**Entries supplied**.

- - - - -

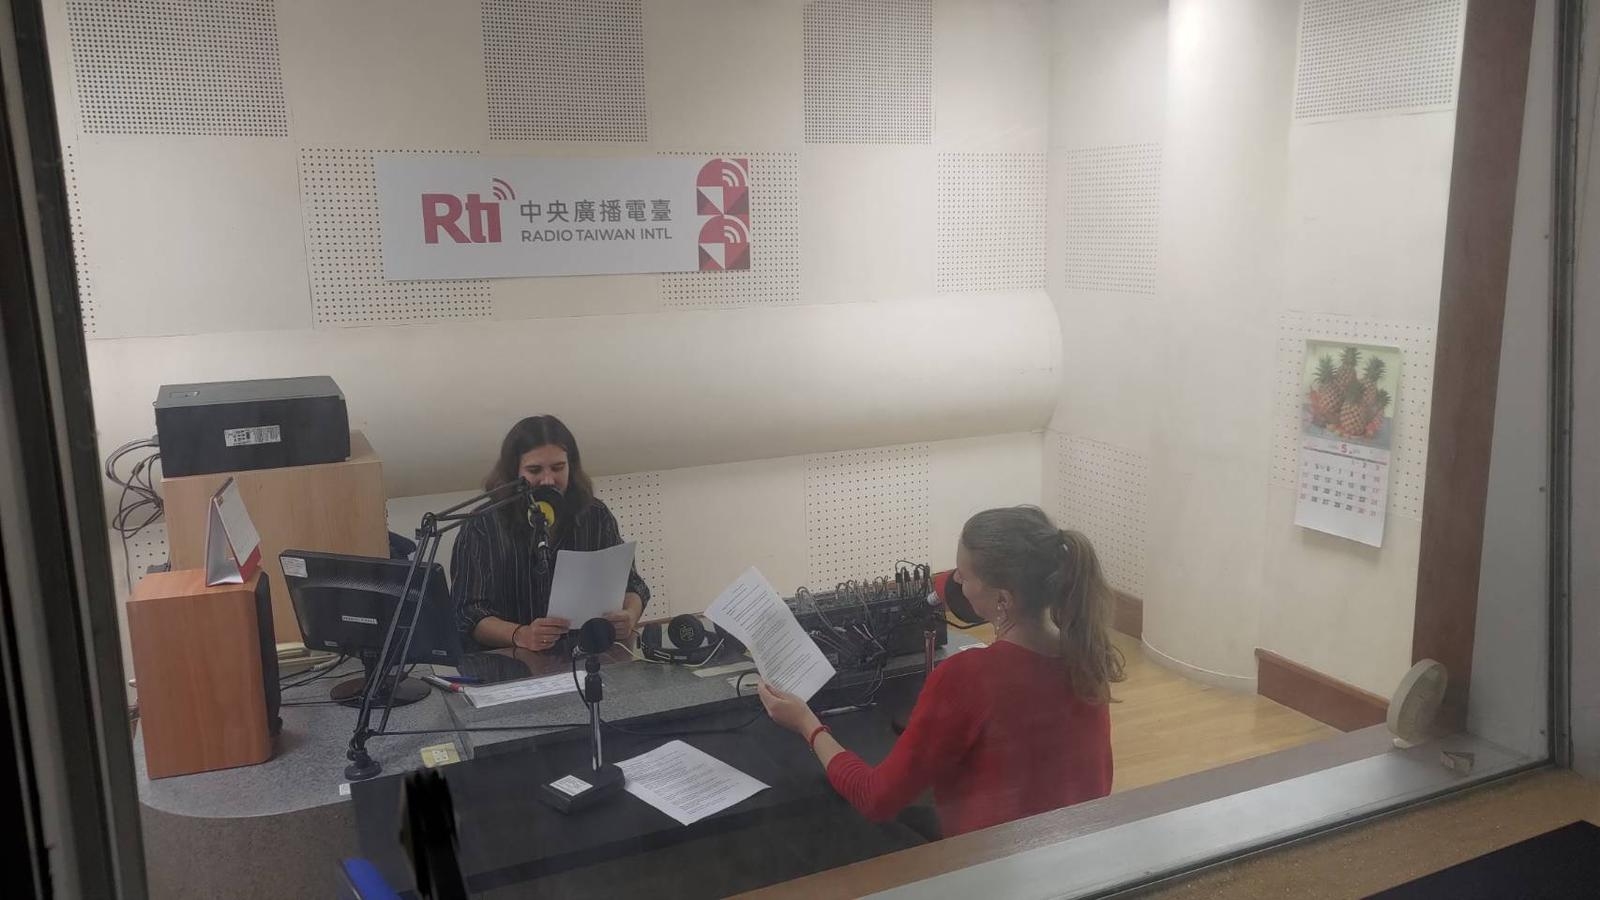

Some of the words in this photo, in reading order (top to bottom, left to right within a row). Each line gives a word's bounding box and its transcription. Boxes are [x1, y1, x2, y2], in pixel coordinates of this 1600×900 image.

[421, 193, 502, 244] Rti
[520, 199, 672, 223] 中央廣播電臺
[521, 229, 573, 242] RADIO
[576, 228, 636, 242] TAIWAN
[640, 228, 673, 240] INTL
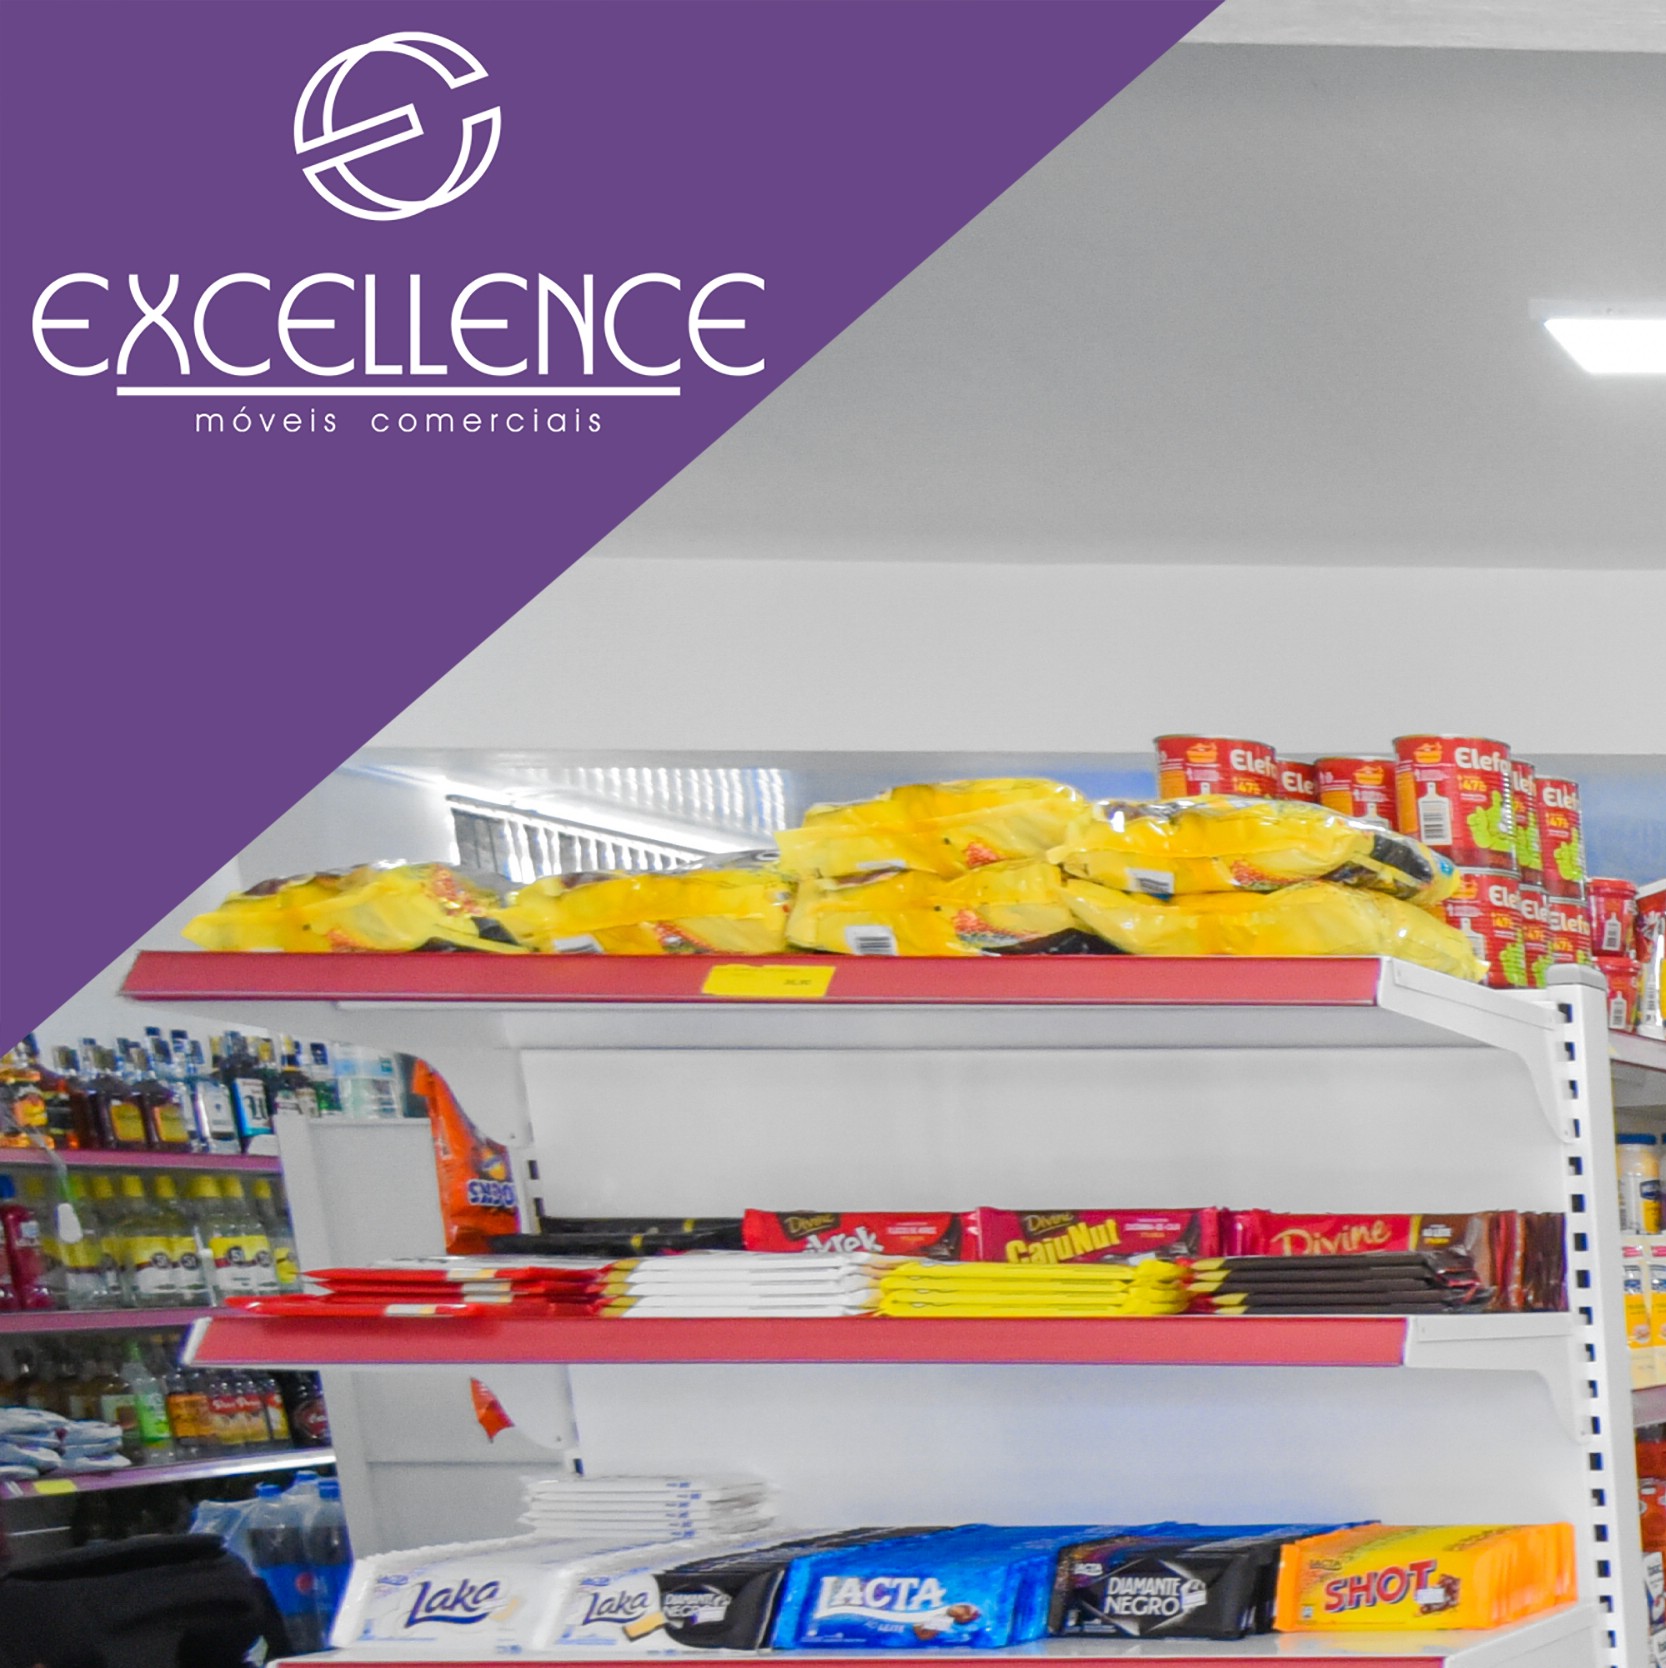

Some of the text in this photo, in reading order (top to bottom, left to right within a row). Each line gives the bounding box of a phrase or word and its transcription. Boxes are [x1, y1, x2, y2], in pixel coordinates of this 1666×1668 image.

[405, 1579, 500, 1629] Laka
[815, 1576, 946, 1612] LACTA
[1107, 1576, 1181, 1597] DIAMANTE
[1324, 1559, 1437, 1613] SHOT
[583, 1589, 650, 1626] Laka
[1104, 1596, 1180, 1617] NEGRO
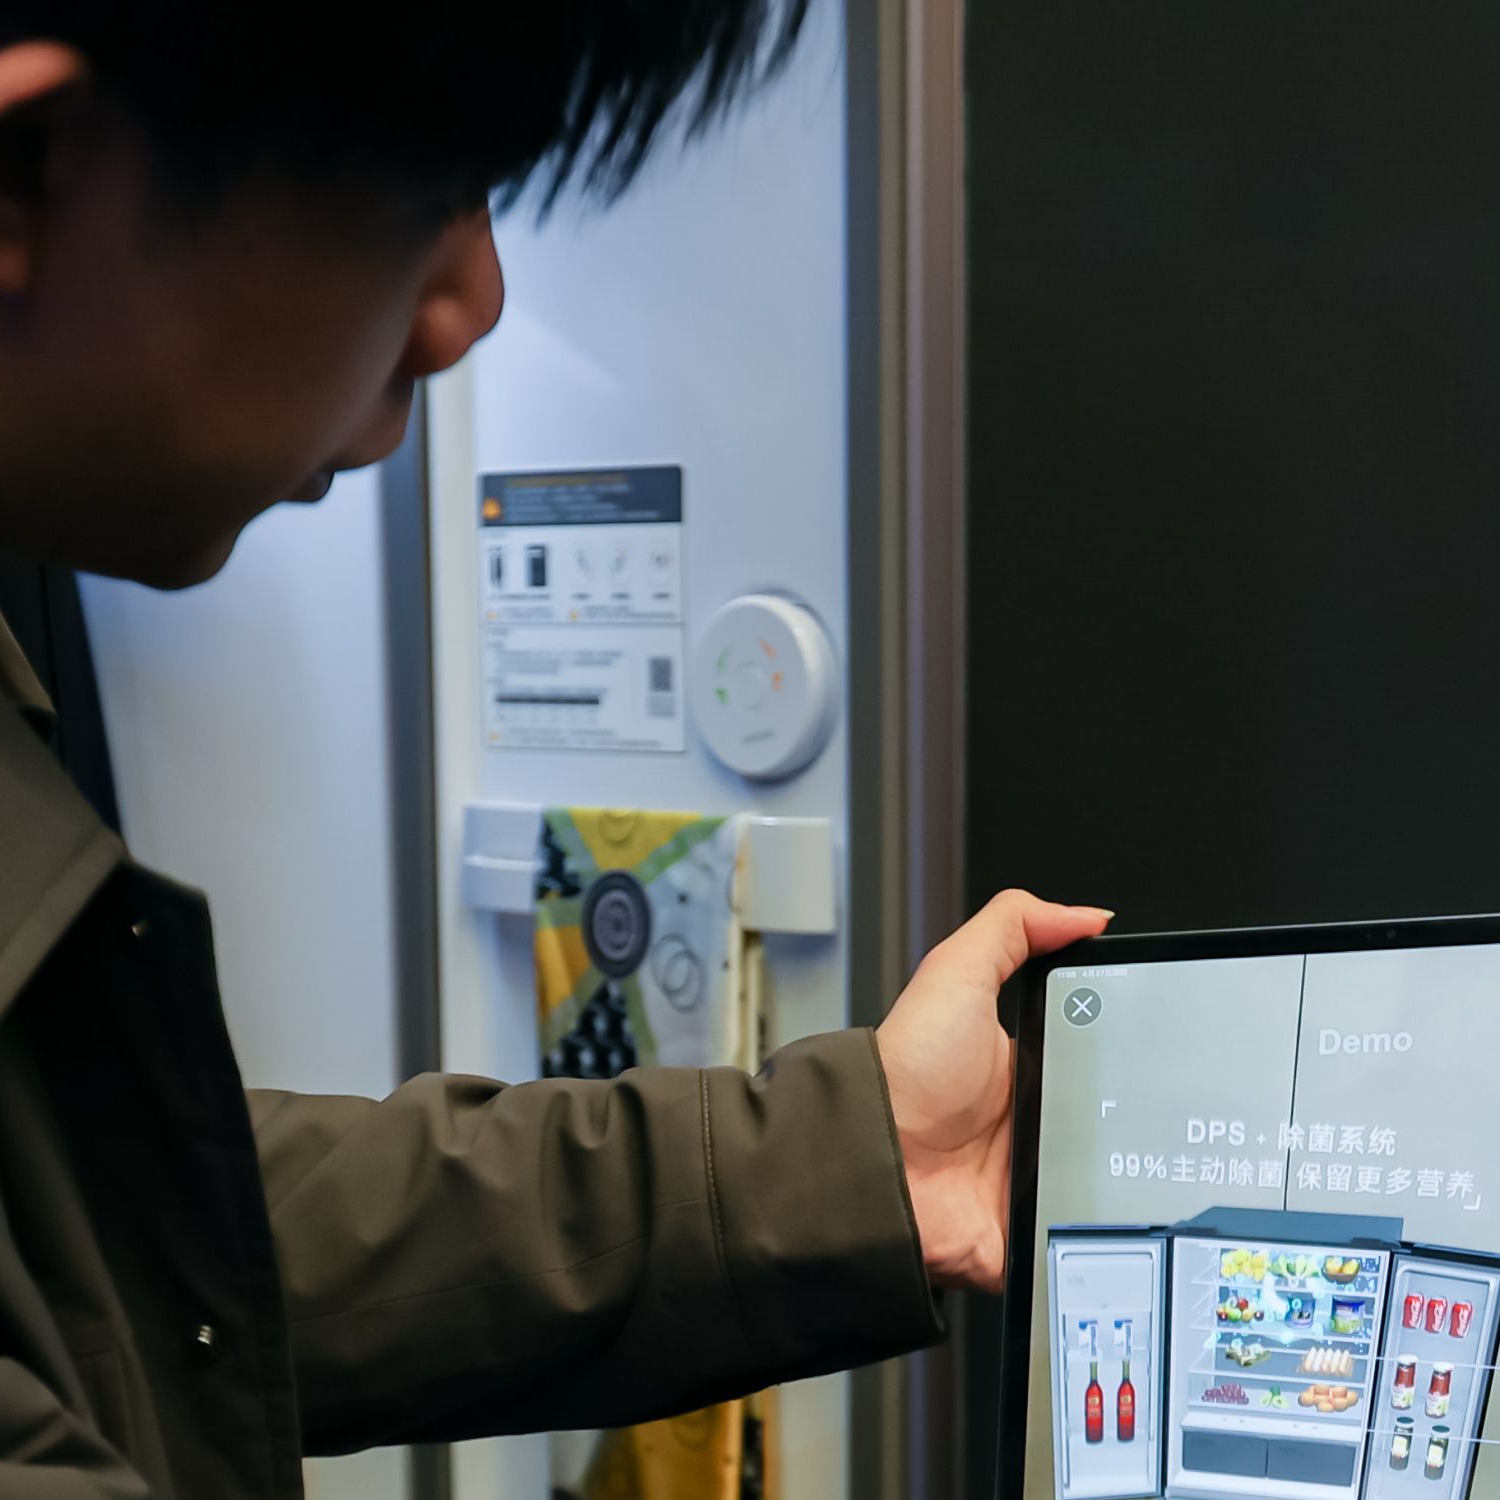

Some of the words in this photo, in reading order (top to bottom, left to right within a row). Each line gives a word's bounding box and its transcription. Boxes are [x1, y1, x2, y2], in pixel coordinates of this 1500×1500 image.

[1318, 1028, 1413, 1056] Demo
[1186, 1118, 1246, 1145] DPS
[1277, 1122, 1398, 1157] 除菌系统
[1109, 1152, 1284, 1189] 99%主动除菌
[1296, 1161, 1475, 1200] 保留更多营养

- - - - -

**What to do**. Without the pictures, print the records in full, exactly as they appear.

**Result**.
Some of the words in this photo, in reading order (top to bottom, left to right within a row). Each line gives a word's bounding box and its transcription. Boxes are [x1, y1, x2, y2], in pixel coordinates of this 1600×900 image.

[421, 193, 502, 244] Rti
[520, 199, 672, 223] 中央廣播電臺
[521, 229, 573, 242] RADIO
[576, 228, 636, 242] TAIWAN
[640, 228, 673, 240] INTL

Some of the text in this photo, in reading order (top to bottom, left to right within a row). Each line gives the bounding box of a phrase or word and its transcription. Boxes are [x1, y1, x2, y2], in pixel coordinates of this 1666×1668 image.

[405, 1579, 500, 1629] Laka
[815, 1576, 946, 1612] LACTA
[1107, 1576, 1181, 1597] DIAMANTE
[1324, 1559, 1437, 1613] SHOT
[583, 1589, 650, 1626] Laka
[1104, 1596, 1180, 1617] NEGRO

Some of the words in this photo, in reading order (top to bottom, left to right within a row). Each line gives a word's bounding box and its transcription. Boxes are [x1, y1, x2, y2], in pixel coordinates of this 1500×1500 image.

[1318, 1028, 1413, 1056] Demo
[1186, 1118, 1246, 1145] DPS
[1277, 1122, 1398, 1157] 除菌系统
[1109, 1152, 1284, 1189] 99%主动除菌
[1296, 1161, 1475, 1200] 保留更多营养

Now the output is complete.